Step by step solution

01

Define the Lagrangian

The Lagrangian, \( L \), is defined as the difference between the kinetic \( T \) and potential \( V \) energies of the system: \( L = T - V \). For a spherical pendulum, the kinetic energy in spherical coordinates is \( T = \frac{1}{2} m R^2 (\dot{\theta}^2 + \sin^2 \theta \dot{\phi}^2) \) and the potential energy is \( V = mgR(1 - \cos \theta) \). Thus, the Lagrangian is \( L = \frac{1}{2} m R^2 (\dot{\theta}^2 + \sin^2 \theta \dot{\phi}^2) - mgR(1 - \cos \theta) \).
02

Find the Euler-Lagrange Equations

The Lagrange equations for \( \theta \) and \( \phi \) are derived from the Euler-Lagrange equation \( \frac{d}{dt} \left( \frac{\partial L}{\partial \dot{q}} \right) - \frac{\partial L}{\partial q} = 0 \), where \( q \) is the generalized coordinate. Applying this to \( \theta \) and \( \phi \), we get:1. \[ \frac{d}{dt} (mR^2 \dot{\theta}) = mR^2 \sin \theta \cos \theta \dot{\phi}^2 - mgR \sin \theta \]2. \[ \frac{d}{dt} (mR^2 \sin^2 \theta \dot{\phi}) = 0 \]
03

Analyze the \( \phi \) Equation

The equation \( \frac{d}{dt} (mR^2 \sin^2 \theta \dot{\phi}) = 0 \) implies that the quantity \( mR^2 \sin^2 \theta \dot{\phi} \) is conserved. This represents the conservation of the \( z \) component of angular momentum \( \ell_{z^{*}} \).
04

Evaluate Special Case \( \phi = \) const

For the special case where \( \phi \) is constant, \( \dot{\phi} = 0 \) and consequently, the system simplifies to one-dimensional motion for \( \theta \). The \( \theta \) equation reduces to simple harmonic motion in \( \theta \). The pendulum oscillates in a single plane like a simple pendulum.
05

Replace \( \dot{\phi} \) Using \( \ell_{z} \)
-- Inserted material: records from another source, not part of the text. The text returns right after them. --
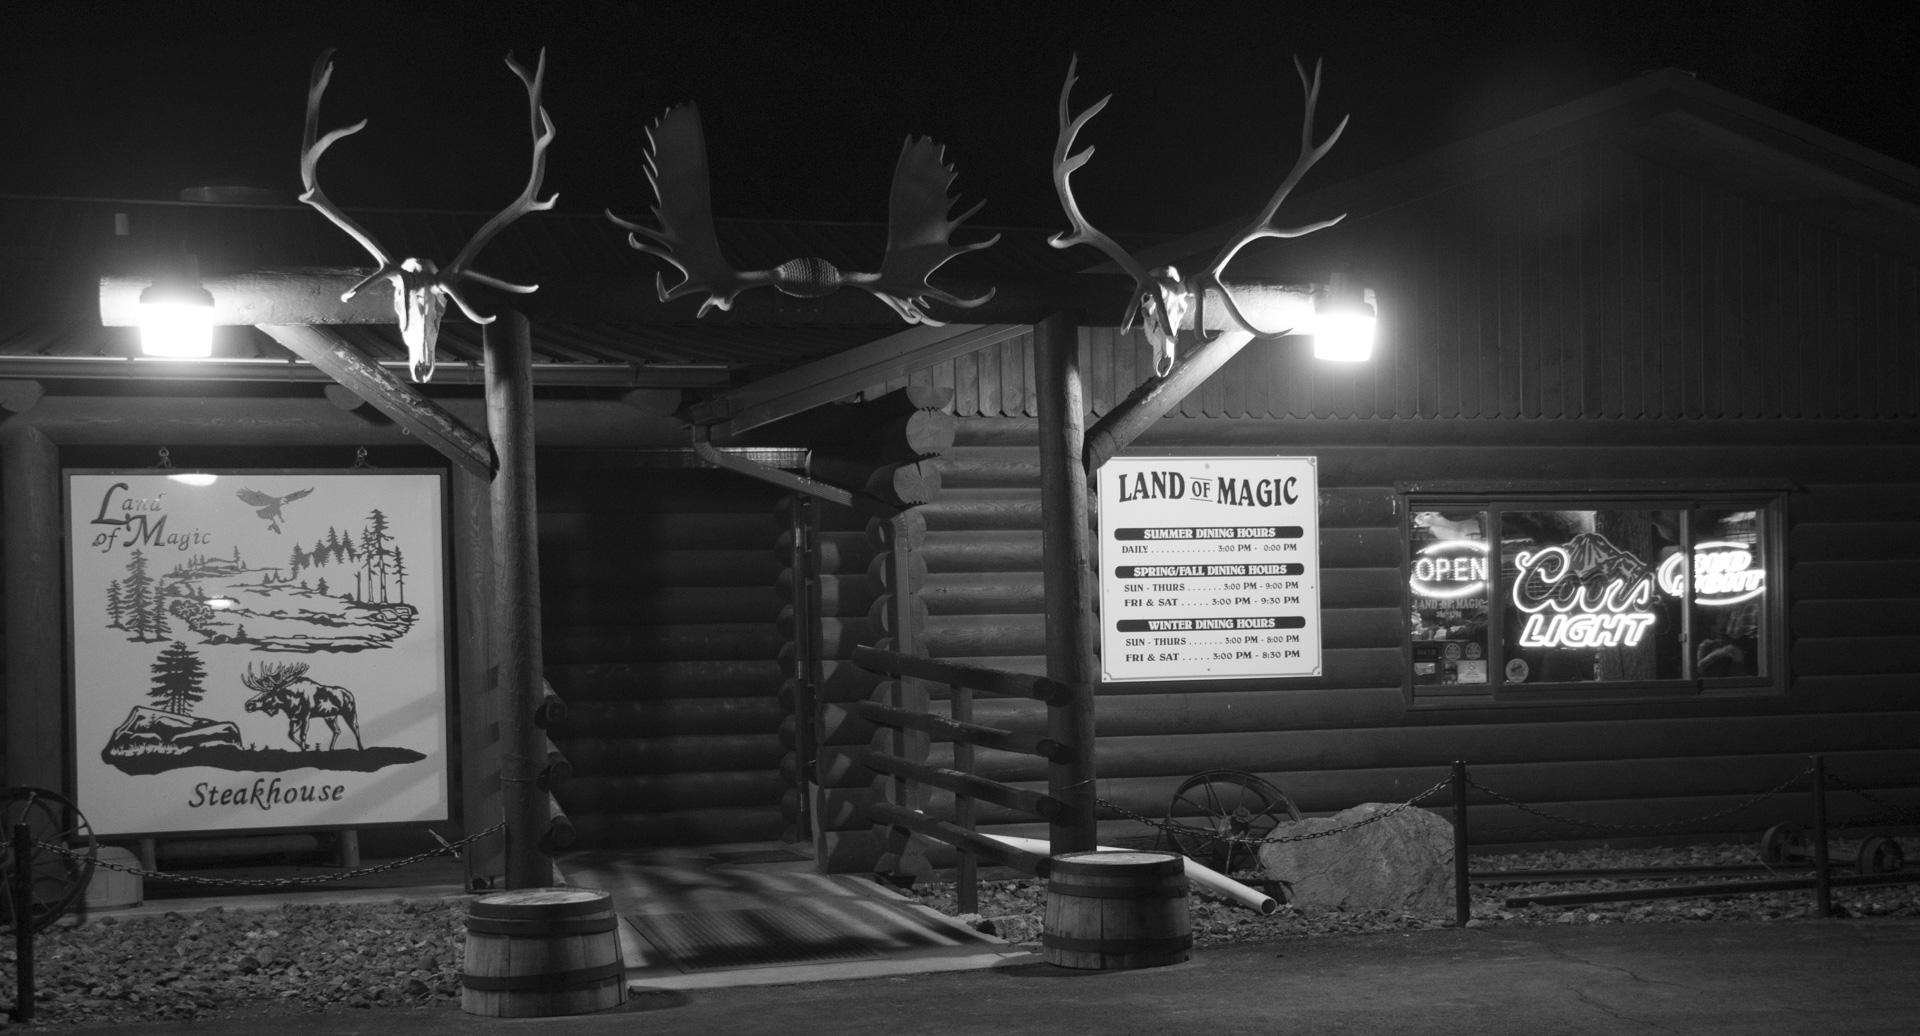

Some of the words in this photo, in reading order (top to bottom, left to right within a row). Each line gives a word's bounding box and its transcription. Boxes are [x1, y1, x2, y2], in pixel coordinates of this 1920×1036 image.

[90, 483, 166, 525] Land
[1119, 472, 1185, 502] LAND
[1192, 481, 1210, 497] OF
[1217, 477, 1298, 507] MAGIC
[92, 527, 121, 553] of
[123, 513, 211, 551] Magic
[1144, 530, 1193, 539] SUMMER
[1196, 529, 1234, 538] DINING
[1237, 528, 1276, 538] HOURS
[1134, 566, 1204, 577] SPRING/FALL
[1207, 566, 1245, 575] DINING
[1248, 565, 1286, 574] HOURS
[1416, 557, 1486, 581] OPEN
[1513, 547, 1656, 612] Coors
[1148, 621, 1192, 630] WINTER
[1195, 619, 1233, 629] DINING
[1237, 619, 1275, 628] HOURS
[1519, 614, 1656, 648] LIGHT
[189, 778, 345, 810] Steakhouse
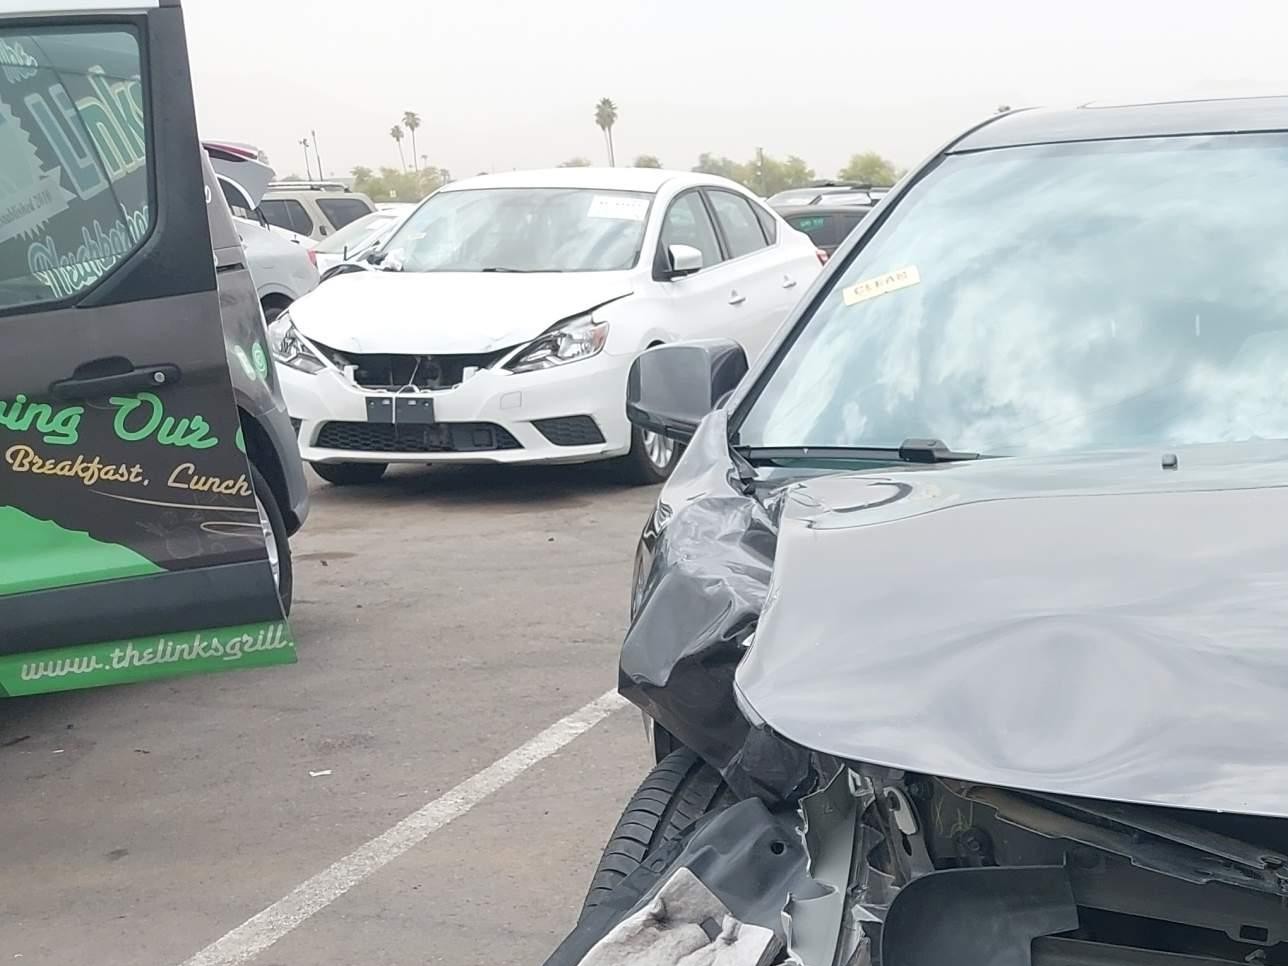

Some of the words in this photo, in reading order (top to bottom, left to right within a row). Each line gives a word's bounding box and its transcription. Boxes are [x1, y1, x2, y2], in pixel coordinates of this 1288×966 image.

[109, 393, 218, 449] Our
[5, 445, 149, 485] Breakfast,
[168, 463, 251, 496] Lunch
Using the conservation of angular momentum, \( \dot{\phi} = \frac{\ell_{z}}{mR^2 \sin^2 \theta} \) can replace \( \dot{\phi} \) in the \( \theta \) equation. This substitution helps to find a stable equilibrium angle \( \theta_o \) where \( \theta \) can remain constant, leading to the concept of a conical pendulum where the pendulum swings in a conical motion.
06

Prove Harmonic Oscillation for Small \( \epsilon \)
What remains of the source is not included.